━━ Provided records

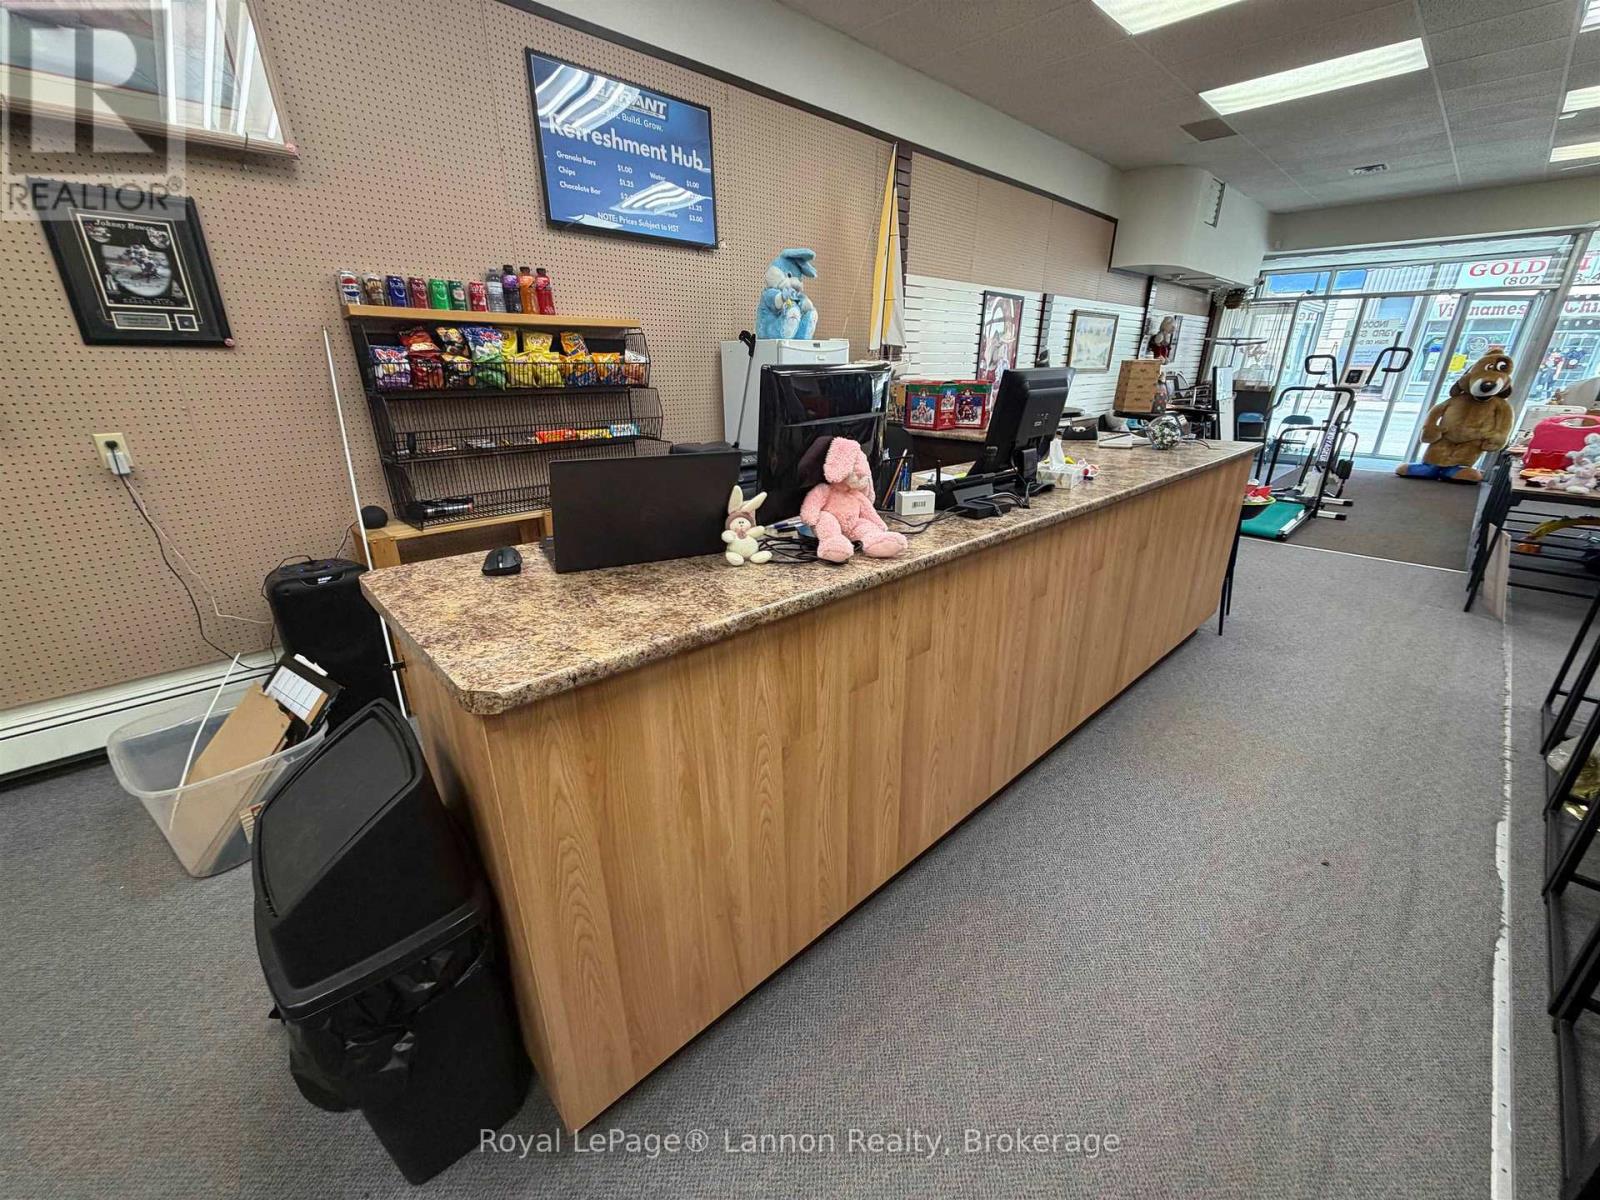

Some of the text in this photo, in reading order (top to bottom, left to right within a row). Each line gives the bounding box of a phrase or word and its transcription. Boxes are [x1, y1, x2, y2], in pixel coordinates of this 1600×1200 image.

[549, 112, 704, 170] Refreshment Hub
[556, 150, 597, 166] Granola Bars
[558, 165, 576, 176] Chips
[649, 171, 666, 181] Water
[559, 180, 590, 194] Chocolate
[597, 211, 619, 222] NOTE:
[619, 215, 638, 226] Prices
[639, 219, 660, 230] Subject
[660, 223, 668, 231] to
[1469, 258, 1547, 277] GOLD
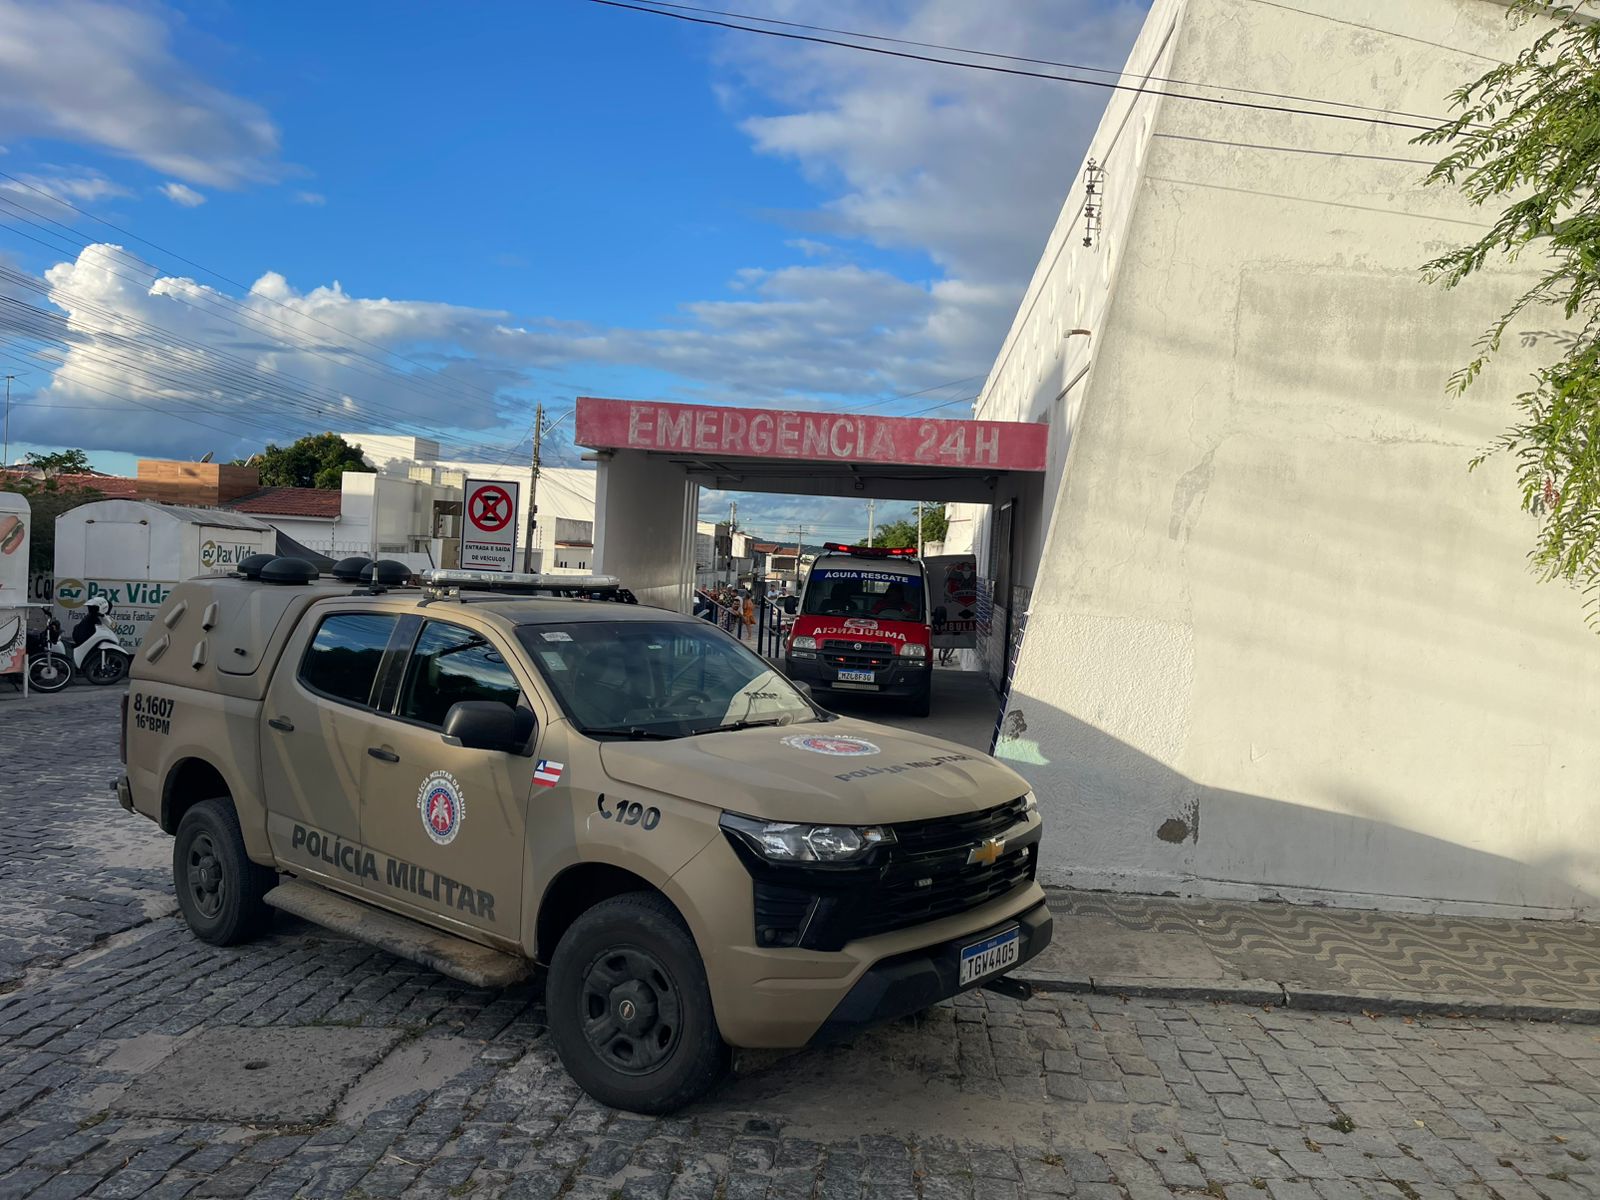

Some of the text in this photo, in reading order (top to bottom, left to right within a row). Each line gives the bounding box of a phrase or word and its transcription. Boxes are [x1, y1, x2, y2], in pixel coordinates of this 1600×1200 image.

━━━━

§ Work required:
Transcribe each record exactly as it stands, setting aside any pictures.

§ Task response:
Some of the text in this photo, in reading order (top to bottom, left to right within a row). Each line gives the bounding box of a phrase or word and its transcription. Boxes are [x1, y1, x2, y2], in pixel coordinates of this 1600×1200 image.

[549, 112, 704, 170] Refreshment Hub
[556, 150, 597, 166] Granola Bars
[558, 165, 576, 176] Chips
[649, 171, 666, 181] Water
[559, 180, 590, 194] Chocolate
[597, 211, 619, 222] NOTE:
[619, 215, 638, 226] Prices
[639, 219, 660, 230] Subject
[660, 223, 668, 231] to
[1469, 258, 1547, 277] GOLD

Some of the text in this photo, in reading order (top to bottom, left to right within a row). Each line gives the bounding box of a phrase or word and its transcription. Boxes are [x1, y1, x2, y2], in pixel coordinates of this 1600×1200 image.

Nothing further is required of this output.